### What the task requires
Only the lines from the one containing "this 1280×1709 image." to the end of the entries should be written out, each exactly as it stands, both ends included.
Top of Input for this task
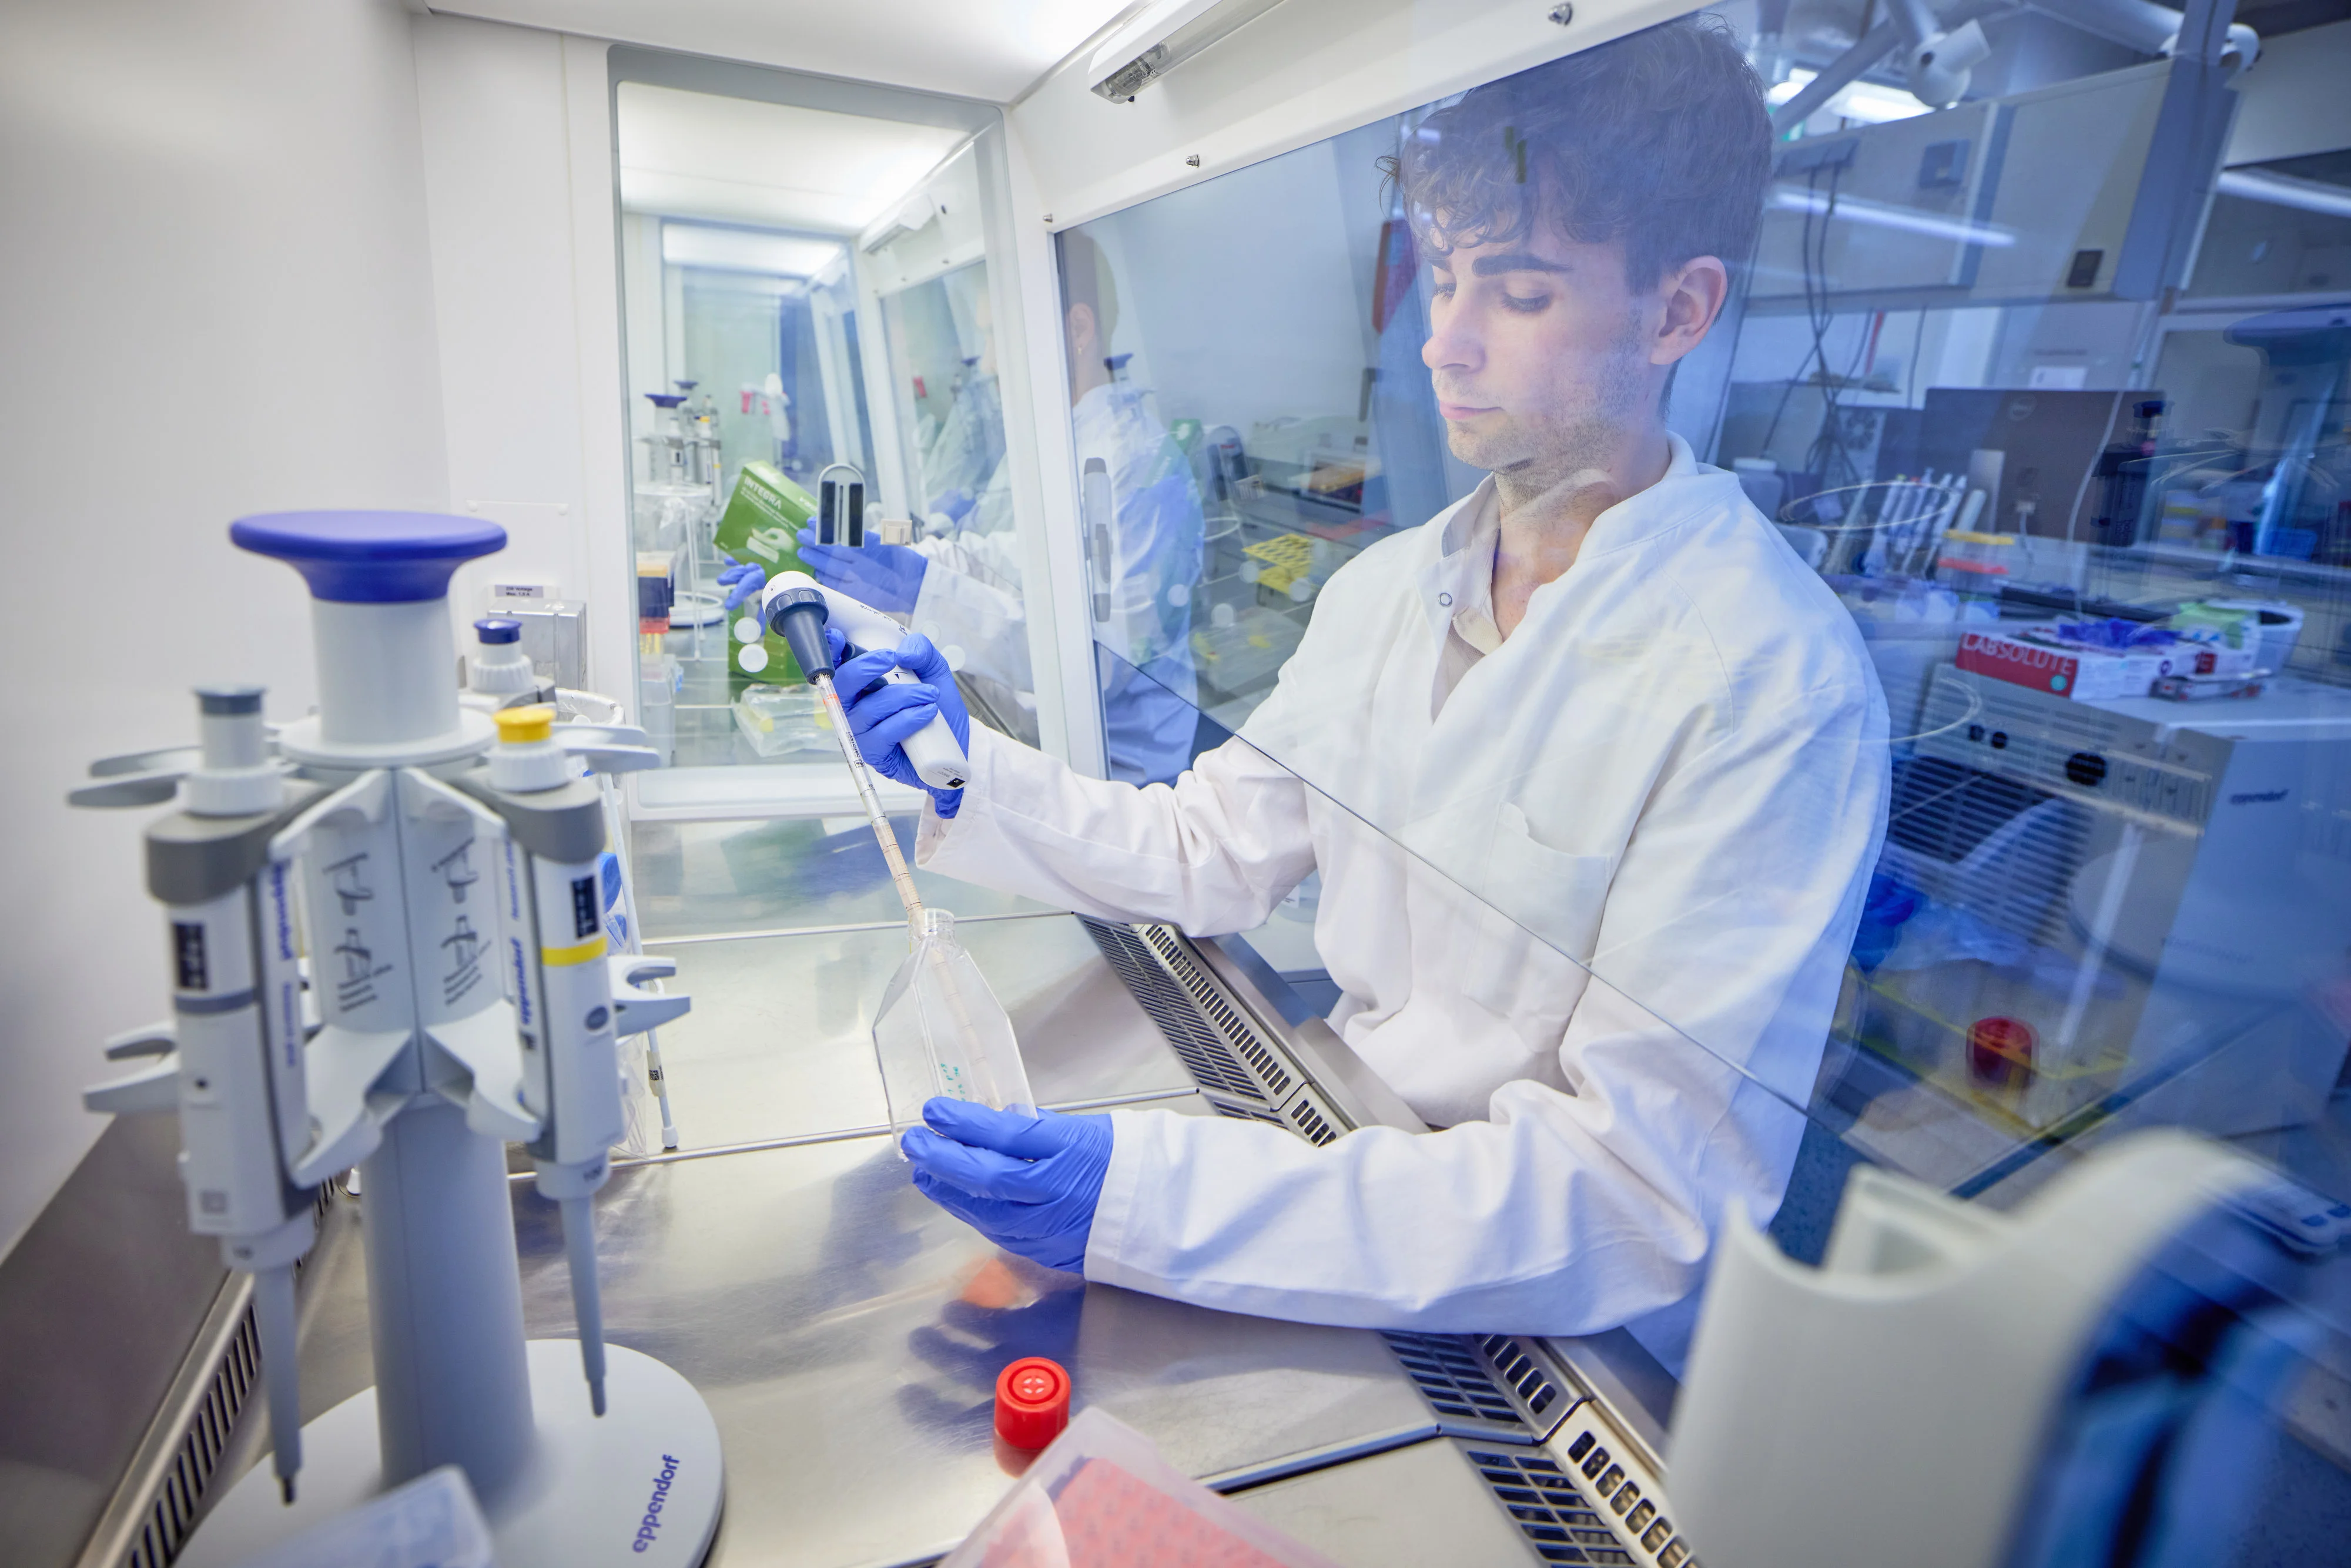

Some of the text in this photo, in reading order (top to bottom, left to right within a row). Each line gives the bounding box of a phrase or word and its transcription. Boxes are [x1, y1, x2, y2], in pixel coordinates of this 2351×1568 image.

[744, 475, 782, 510] INTEGRA
[1961, 633, 2074, 675] LABSOLUTE
[632, 1454, 680, 1553] eppendorf
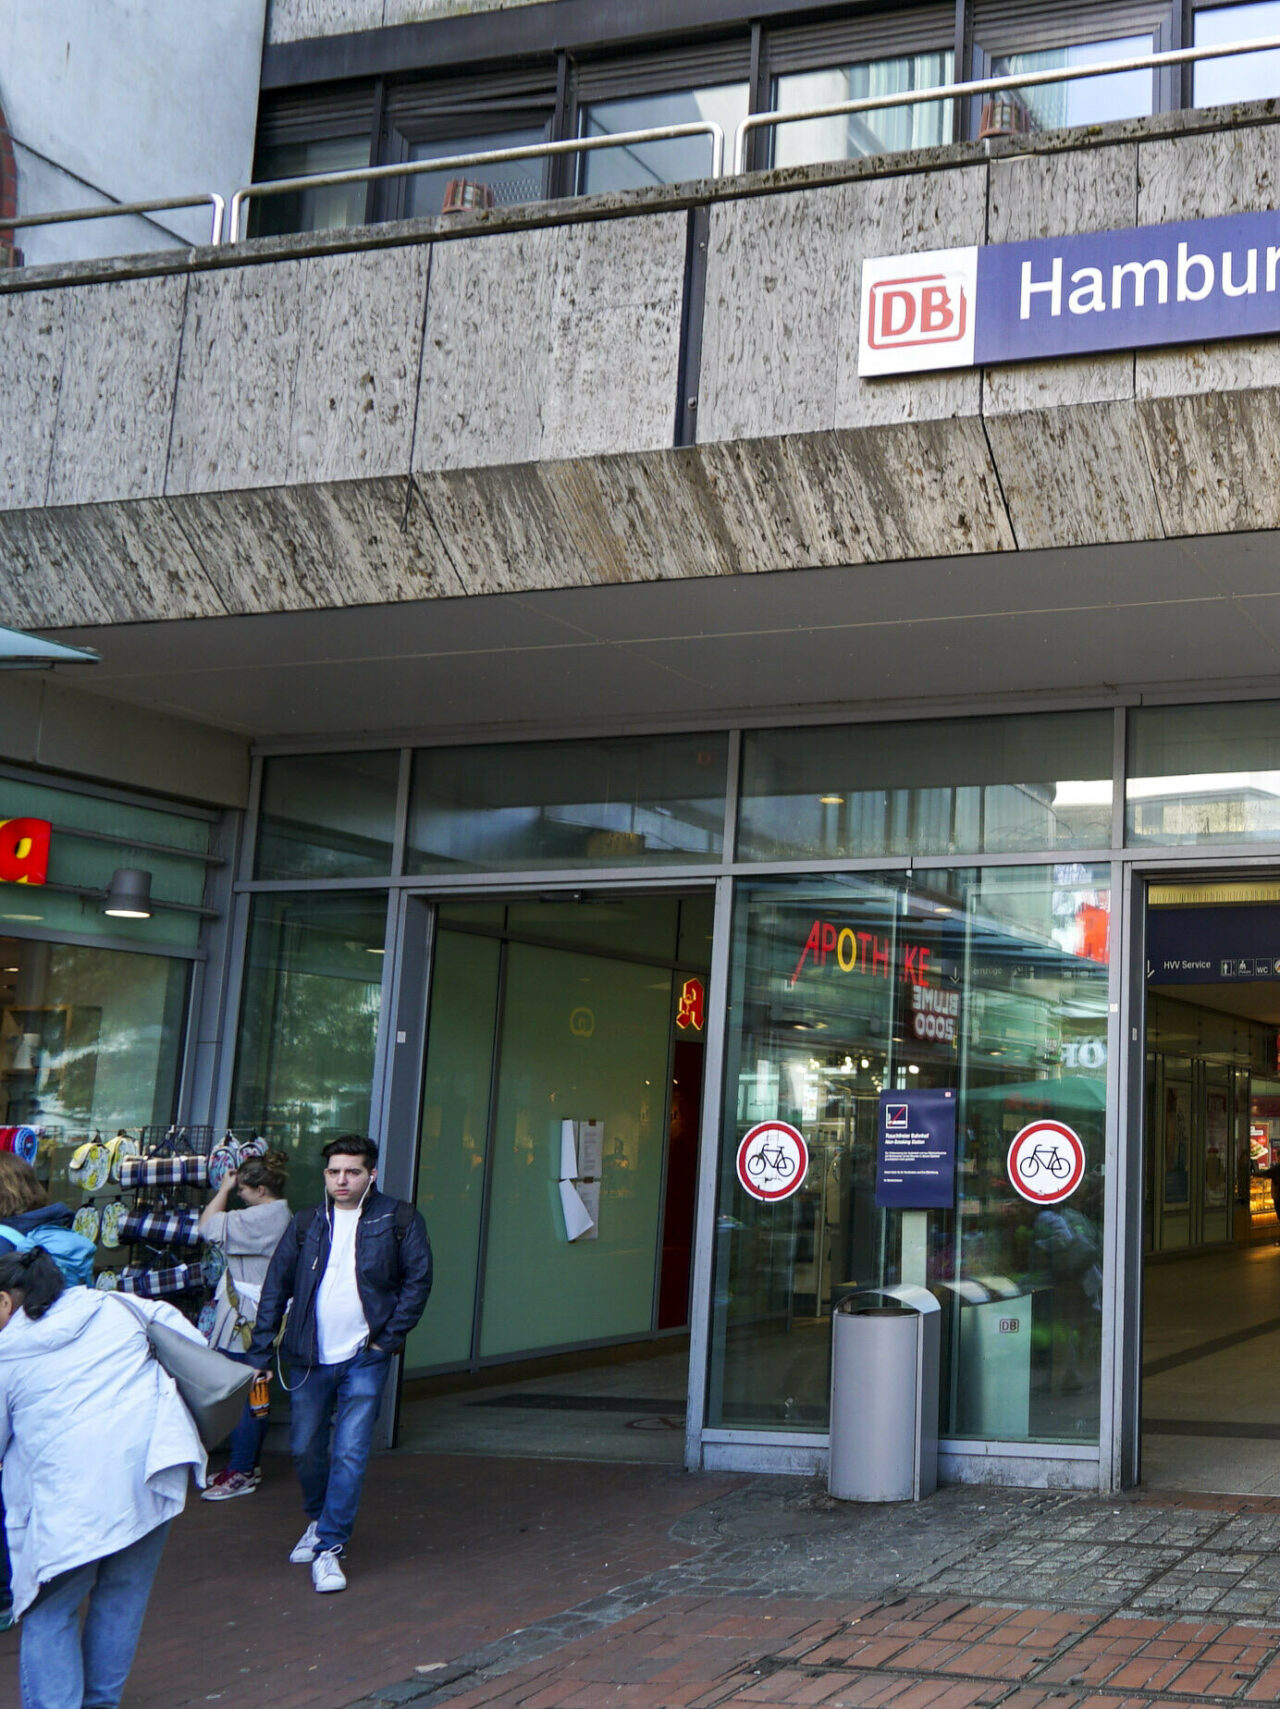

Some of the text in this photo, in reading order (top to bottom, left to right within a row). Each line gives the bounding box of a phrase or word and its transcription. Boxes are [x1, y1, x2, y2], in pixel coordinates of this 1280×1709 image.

[880, 284, 956, 338] DB
[791, 919, 931, 988] APOTHKE
[1163, 959, 1211, 969] HVV Service
[1001, 1320, 1018, 1332] DB
Bottom of Input for this task
### Answer below
Some of the text in this photo, in reading order (top to bottom, left to right within a row). Each line gives the bounding box of a phrase or word and its transcription. Boxes are [x1, y1, x2, y2], in pixel coordinates of this 1280×1709 image.

[880, 284, 956, 338] DB
[791, 919, 931, 988] APOTHKE
[1163, 959, 1211, 969] HVV Service
[1001, 1320, 1018, 1332] DB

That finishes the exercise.